E’ giovane Paolo, ha poco più di trent’anni. E un entusiasmo straordinario: “Altiero – ci racconta spiegandoci il nome dell’azienda agricola – è mio nonno. Lui era il fattore dell’Azienda Agricola del dottor Gianfranco Pecchioli. Era enorme, 500 ettari: quando venne ceduta, la mia famiglia acquistò questo pezzo di terra con un fienile. Il nonno era amico del figlio del Pecchioli, si erano laureati insieme in agraria, eravamo nel 1974. Poi, nel 1984, si iniziò a produrre vino per la famiglia, per gli amici…”.

La svolta imprenditoriale l’ha data proprio Paolo, nel 2001. Quando, giovanissimo e fresco di diploma Agro Forestale, ha deciso che questa era la sua strada.

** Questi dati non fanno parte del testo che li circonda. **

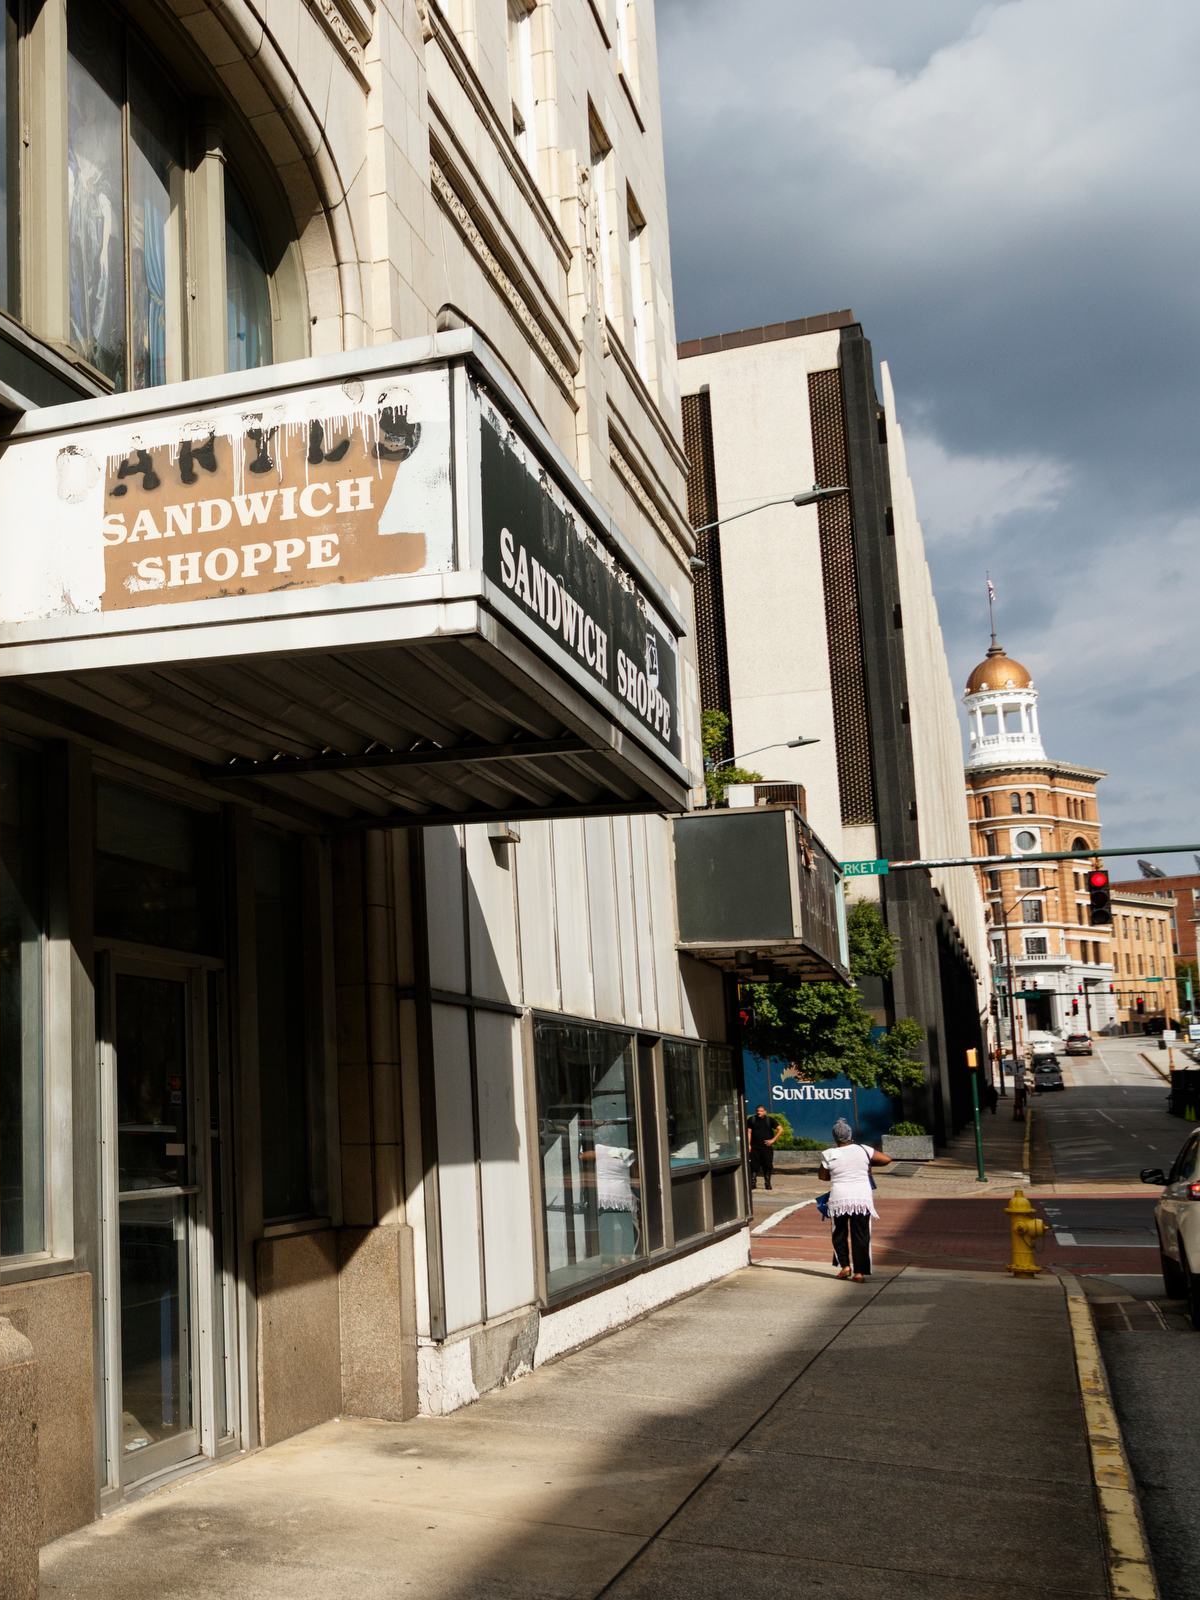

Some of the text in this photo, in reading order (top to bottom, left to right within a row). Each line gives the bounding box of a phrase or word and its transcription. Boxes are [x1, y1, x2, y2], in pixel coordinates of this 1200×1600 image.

[102, 476, 374, 547] SANDWICH
[135, 533, 340, 588] SHOPPE
[499, 526, 608, 682] SANDWICH
[616, 648, 671, 743] SHOPPE
[843, 862, 876, 875] RKET

“Non ero proprio adatto a fare l’operaio in fabbrica – sorride – Per me era impossibile allontanarmi dalla vigna e dai boschi dove mi portava sempre il nonno Nello. La mia prima bottiglia? E’ del 2001, ne imbottigliavamo circa 1.000. Oggi siamo intorno a 10-12mila. Dalla vendemmia 2015 abbiamo prodotto altre due tipologie di vino, che saranno pronte per il 2019 circa. Il primo vino è la Gran Selezione di Chianti Classico, il secondo è un vino prodotto da un clone di Malvasia nera di circa 900 anni”.

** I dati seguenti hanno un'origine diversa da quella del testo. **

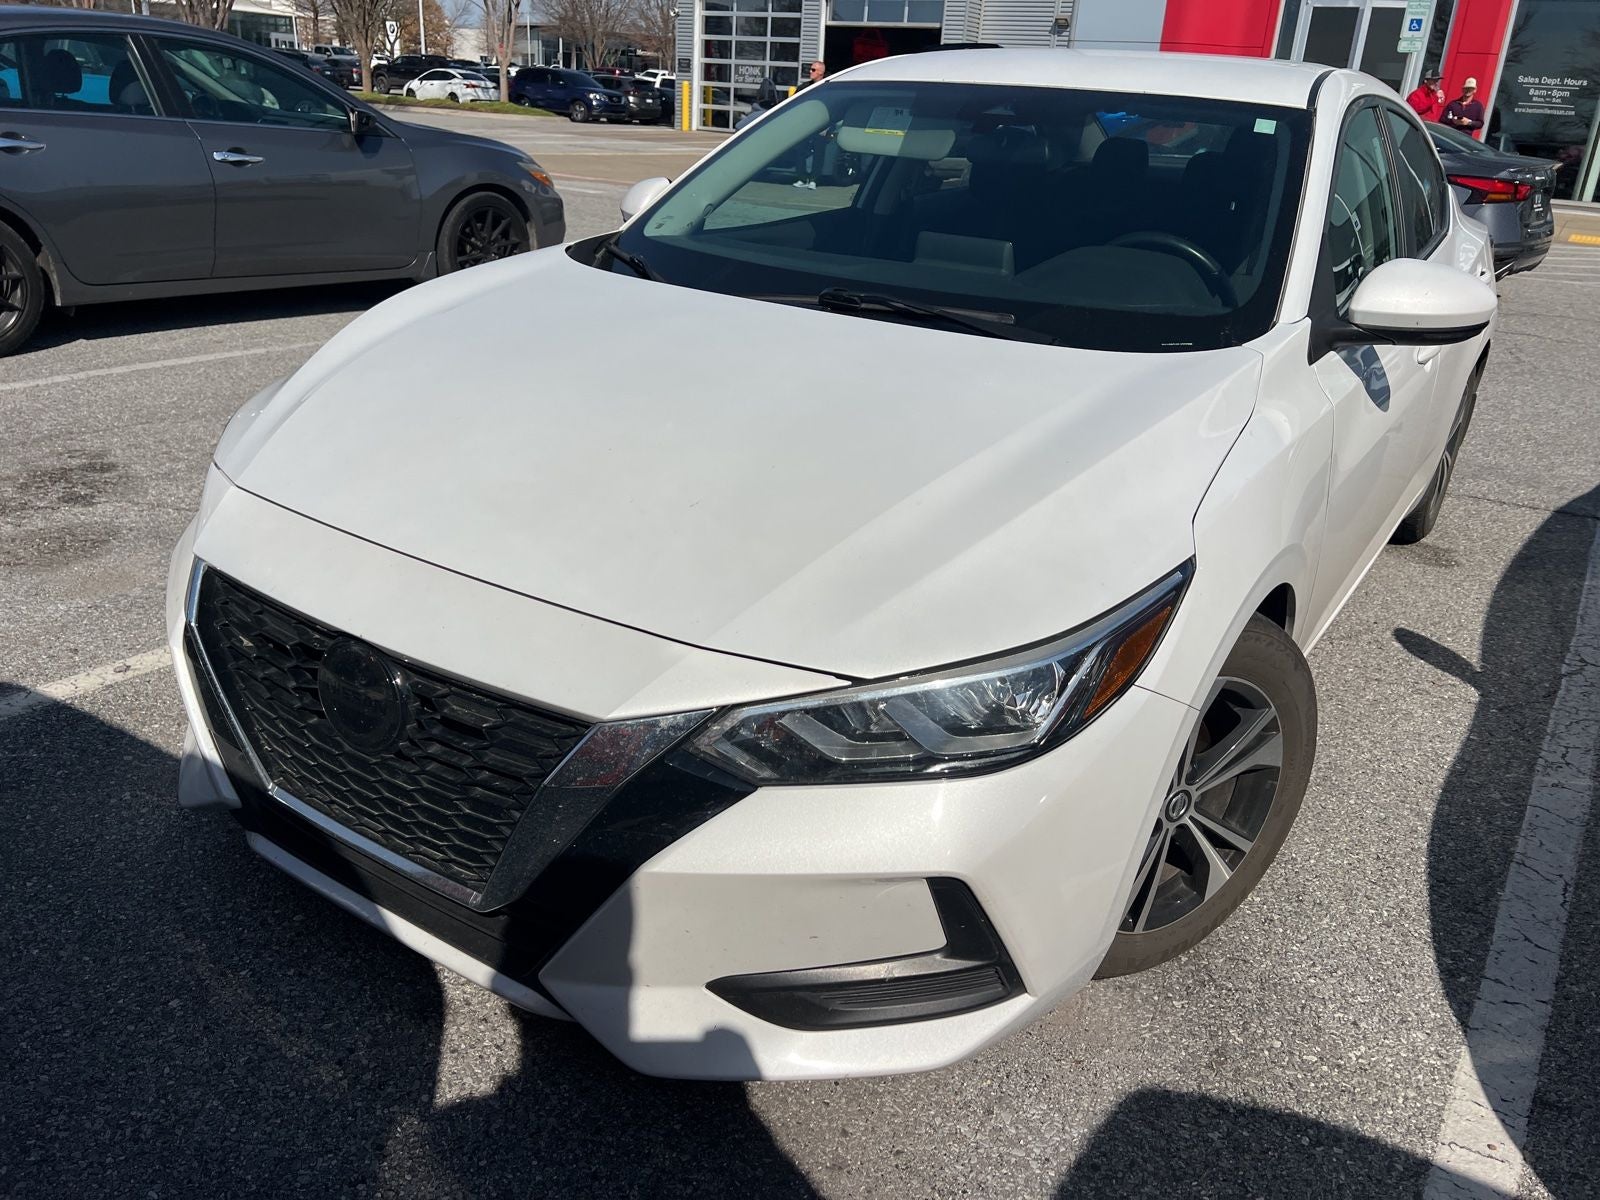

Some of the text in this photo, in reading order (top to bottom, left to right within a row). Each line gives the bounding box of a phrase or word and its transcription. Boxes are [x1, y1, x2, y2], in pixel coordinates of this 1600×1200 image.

[739, 65, 761, 75] HONK
[745, 75, 763, 83] Servic
[1518, 75, 1588, 86] Sales Dept. Hours

“Per me fare vino è tutto – dicesenza esitazioni – è passione, è raggiungere lo scopo principale di tutto l’anno. E non è certo un percorso semplice: il Sangiovese è un’uva un po’ “ignorante”; ci manca l’appeal del Barolo, del Brunello”.

La vendita diretta è il cuore dell’azienda di Paolo. “Molte guide turistiche ci apprezzano – racconta – siamo diventati anche amici. Gli piace il fatto che siamo giovani, che siamo piccoli, che ci stiamo dietro noi. Io esco dal campo fangoso, vado e spiego”.

“Poi passano nei filari – continua Paolo – e chiedono come mai c’è l’uva in terra. Allora spieghiamo che è meglio produrre qualcosa in meno ma di qualità migliore”.

“Crediamo tanto nel Chianti Classico come tradizione – conclude Paolo – E la tradizione è quella di berlo in famiglia, fra amici. Quando le persone vengono qua vogliamo che si sentano a casa loro. Siamo andati un po’ contro corrente: quando l’economia ha iniziato ad andare giù per andare incontro al mercato americano molti produttori hanno cambiato la tradizione del Chianti Classico. Noi utilizziamo barrique usatissime, non c’è blend (Sangiovese al 100%) e adesso apprezzano. E se proprio non gli piace… faccio comunque anche un Igt”.